■ WHAT THIS TASK INVOLVES
Because the entries hold pictures, reproduce only their words, exactly as written.
****************************************
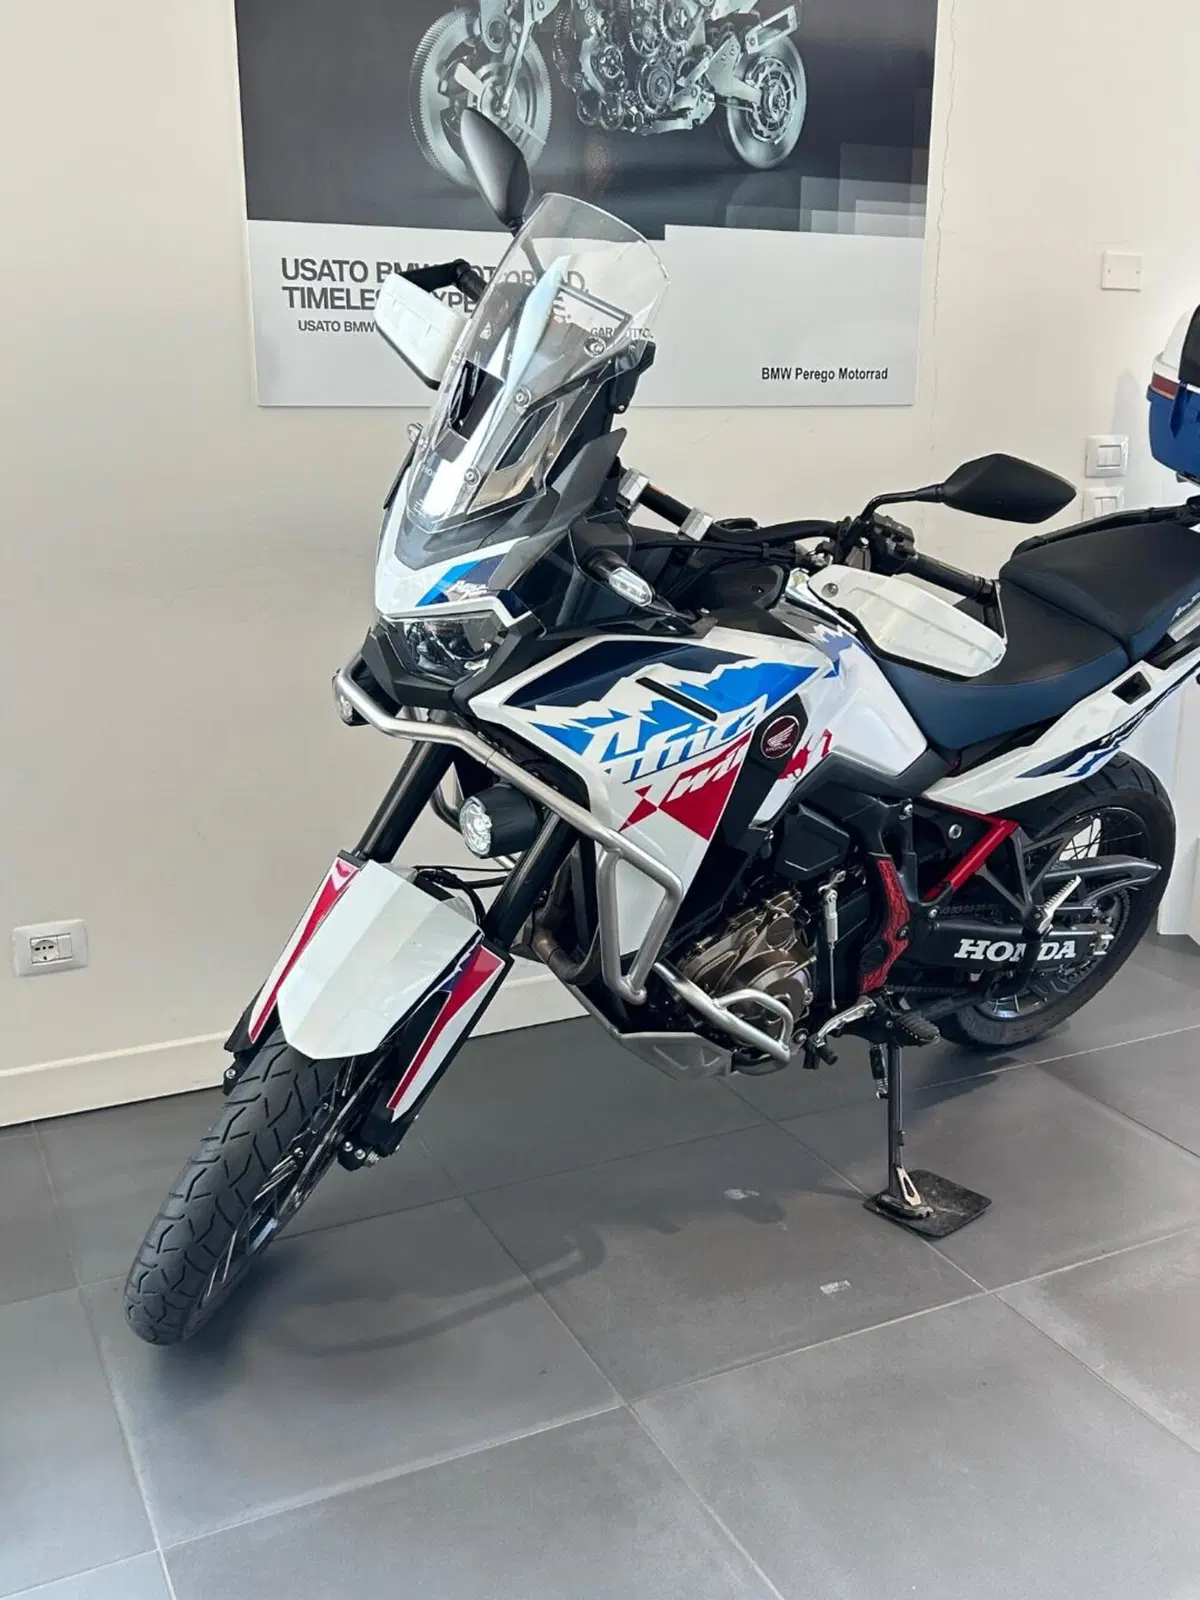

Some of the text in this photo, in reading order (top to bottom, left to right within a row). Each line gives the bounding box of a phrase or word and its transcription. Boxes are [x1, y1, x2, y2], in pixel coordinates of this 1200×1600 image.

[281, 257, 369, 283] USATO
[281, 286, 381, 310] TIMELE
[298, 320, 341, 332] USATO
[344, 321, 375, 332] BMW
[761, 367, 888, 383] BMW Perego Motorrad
****************************************
■ TASK OUTPUT
Some of the text in this photo, in reading order (top to bottom, left to right within a row). Each line gives the bounding box of a phrase or word and its transcription. Boxes are [x1, y1, x2, y2], in pixel coordinates of this 1200×1600 image.

[281, 257, 369, 283] USATO
[281, 286, 381, 310] TIMELE
[298, 320, 341, 332] USATO
[344, 321, 375, 332] BMW
[761, 367, 888, 383] BMW Perego Motorrad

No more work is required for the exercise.